Ziggy seemed to be contemplating either some loose skin on his foot or the universe; it was often hard to tell with him. "I think that you suffered a major loss, two really-"
"Two?"
"Your son and the loss of your invincibility. So you have these two big losses, and in the face of that you're subconsciously trying to sabotage the other good things in your life by manifesting problems that aren't there because you have this mistaken belief that it won't hurt as much if you give something up before it can be taken away from you."
That unfortunately sounded too right on. Quinn wasn't the only one who knew how to self sabotage. "Or?"
"Or, like you said, you had to introduce your wife to this big, scary world and you feel bad about it, but you really shouldn't because it's a world that exists whether or not Quinn knows about it, and at least your wife has you to help her navigate it."
Ziggy picked at the skin on his exposed foot. "Honestly, though, I really think you're merely freaking out because in a few days you'll be turning 30, and you're just starting to realize that you've been on this earth for 3 decades, and that's inwardly freaking you out."
Santana was a bit taken aback by this unexpected prognosis because she hadn't thought about her upcoming birthday at all. "You think that all of this is just about me turning 30?" she questioned doubtfully.

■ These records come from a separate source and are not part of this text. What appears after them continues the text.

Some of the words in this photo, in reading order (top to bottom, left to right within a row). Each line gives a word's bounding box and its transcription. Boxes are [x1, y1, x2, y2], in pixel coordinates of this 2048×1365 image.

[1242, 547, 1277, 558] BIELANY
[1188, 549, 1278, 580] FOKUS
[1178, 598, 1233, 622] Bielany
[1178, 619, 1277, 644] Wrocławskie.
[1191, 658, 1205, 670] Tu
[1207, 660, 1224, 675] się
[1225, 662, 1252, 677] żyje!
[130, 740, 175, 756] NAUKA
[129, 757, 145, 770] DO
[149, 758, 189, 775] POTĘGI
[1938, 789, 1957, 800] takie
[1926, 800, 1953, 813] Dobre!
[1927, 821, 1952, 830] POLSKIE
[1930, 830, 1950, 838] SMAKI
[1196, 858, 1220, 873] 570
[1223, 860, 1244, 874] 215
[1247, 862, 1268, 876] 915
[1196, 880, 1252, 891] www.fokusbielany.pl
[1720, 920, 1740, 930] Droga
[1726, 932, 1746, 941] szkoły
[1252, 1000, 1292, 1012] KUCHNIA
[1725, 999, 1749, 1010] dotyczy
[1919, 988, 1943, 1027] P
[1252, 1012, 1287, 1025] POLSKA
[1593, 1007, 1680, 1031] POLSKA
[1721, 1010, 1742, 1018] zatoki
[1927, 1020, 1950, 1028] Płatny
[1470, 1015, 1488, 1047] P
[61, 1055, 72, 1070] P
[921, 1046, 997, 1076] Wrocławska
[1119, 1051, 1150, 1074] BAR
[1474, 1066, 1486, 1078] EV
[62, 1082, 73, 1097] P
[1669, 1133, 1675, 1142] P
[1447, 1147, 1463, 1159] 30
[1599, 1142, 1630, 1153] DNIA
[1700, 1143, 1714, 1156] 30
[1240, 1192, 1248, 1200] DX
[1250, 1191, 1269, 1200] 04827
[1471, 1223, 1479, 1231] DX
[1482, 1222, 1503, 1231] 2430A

"30 is a big life change. It really hits you that college is over and you can't turn back, you start having families, kids, if you've already had kids they're no longer in that baby stage, you don't drink and hang out as much, you find you like being at home more, you're more serious about your job. You're serious about life in general. It can be scary. So can the possibility of facing the unknown. But the universe knows how to take care of itself, and the sooner you learn that, the more at peace you get with life, the universe, and everything. My suggestion to you, smoke a fat one, hug your wife, and curl up in front of the fire, because yeah, things are about to change, but that's just an everyday thing."
He leaned over and planted a kiss on her forehead to her surprise. "Oh, and happy birthday."